* [What you need to do]
Could you restate the entries below word for word and leave the images out?
[Records shown — start]
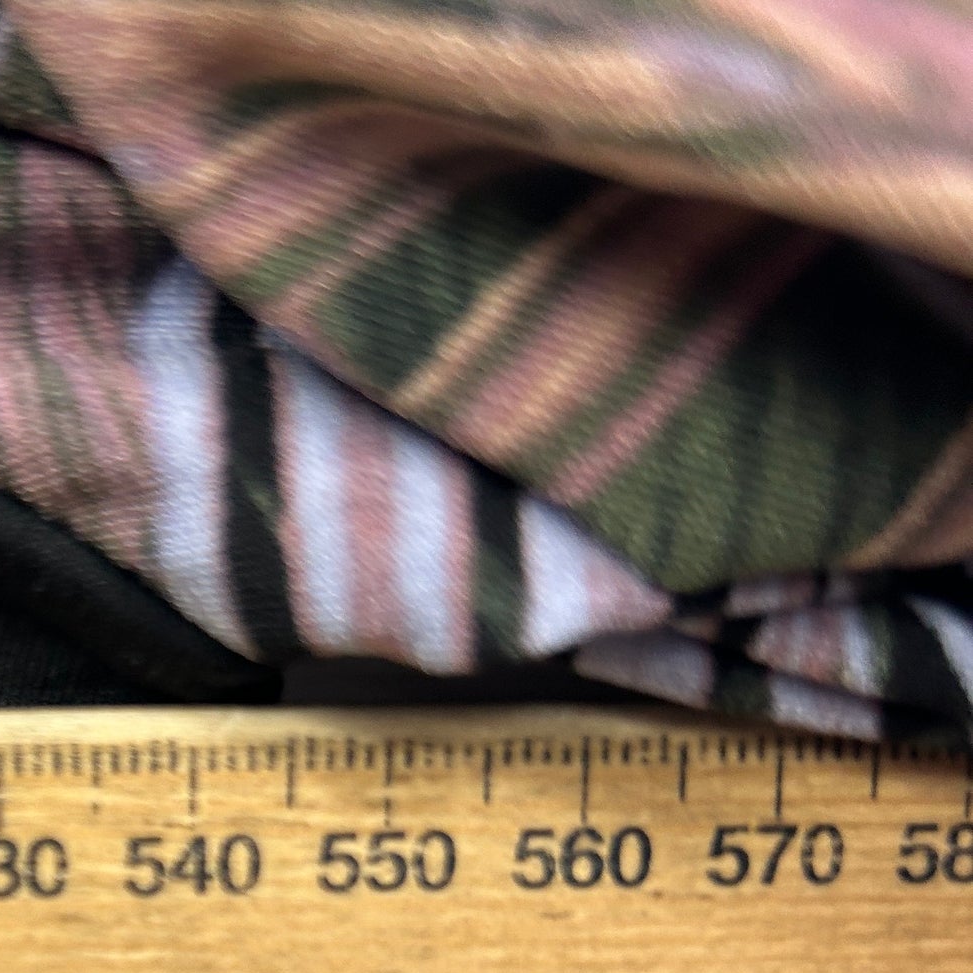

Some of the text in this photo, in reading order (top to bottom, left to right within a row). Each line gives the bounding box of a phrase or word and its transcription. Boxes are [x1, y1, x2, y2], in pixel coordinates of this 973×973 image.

[123, 834, 261, 896] 540
[316, 829, 456, 893] 550
[512, 826, 651, 890] 560
[706, 823, 844, 886] 570
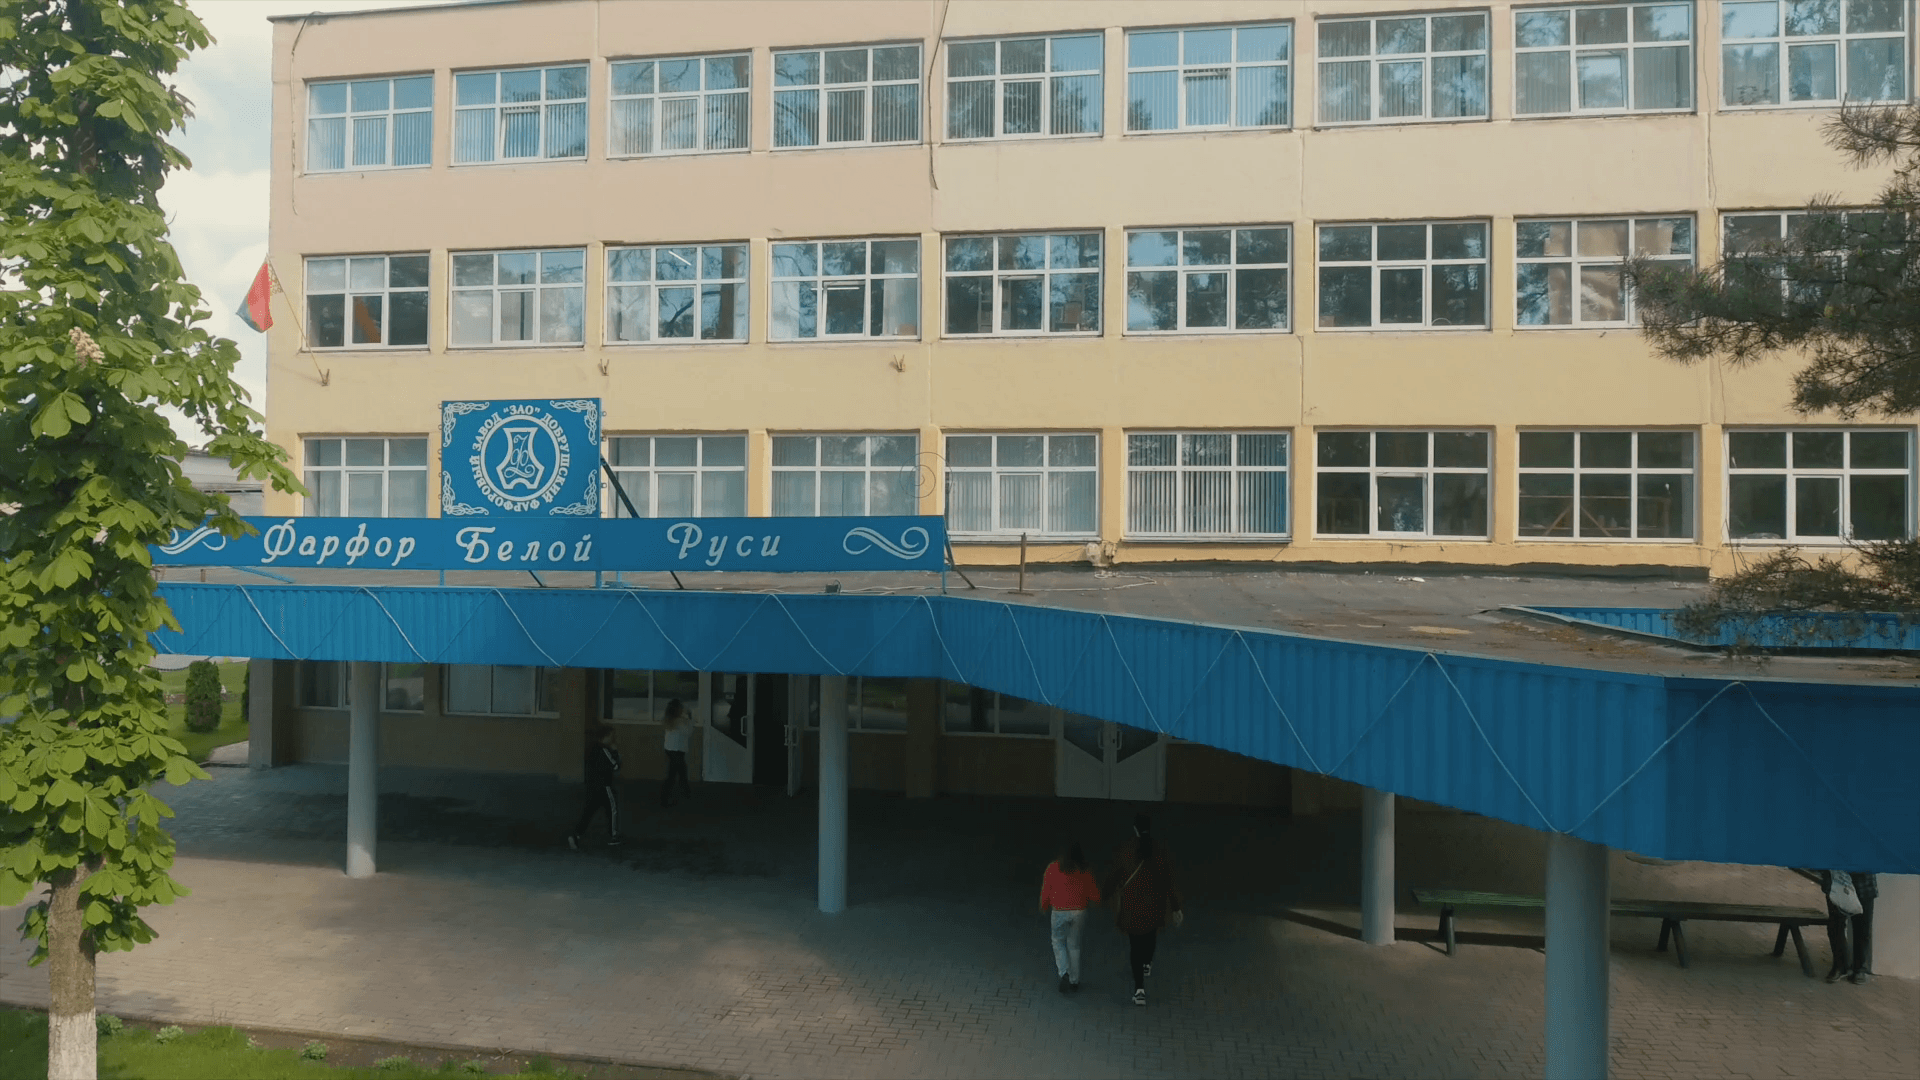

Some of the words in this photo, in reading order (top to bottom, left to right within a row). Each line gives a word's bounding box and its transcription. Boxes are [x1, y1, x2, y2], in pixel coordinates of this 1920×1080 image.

[472, 412, 504, 452] ЗАВОД
[540, 412, 571, 503] ДОБРУШСКИЙ
[469, 455, 540, 512] ФАРФОРОВЫЙ
[261, 518, 416, 566] Фарфор
[456, 526, 592, 562] Белой
[667, 523, 781, 566] Руси
[Records shown — finish]
* [Finished task]
Some of the text in this photo, in reading order (top to bottom, left to right within a row). Each line gives the bounding box of a phrase or word and its transcription. Boxes are [x1, y1, x2, y2], in pixel coordinates of this 973×973 image.

[123, 834, 261, 896] 540
[316, 829, 456, 893] 550
[512, 826, 651, 890] 560
[706, 823, 844, 886] 570

Some of the words in this photo, in reading order (top to bottom, left to right within a row). Each line gives a word's bounding box and its transcription. Boxes are [x1, y1, x2, y2], in pixel coordinates of this 1920×1080 image.

[472, 412, 504, 452] ЗАВОД
[540, 412, 571, 503] ДОБРУШСКИЙ
[469, 455, 540, 512] ФАРФОРОВЫЙ
[261, 518, 416, 566] Фарфор
[456, 526, 592, 562] Белой
[667, 523, 781, 566] Руси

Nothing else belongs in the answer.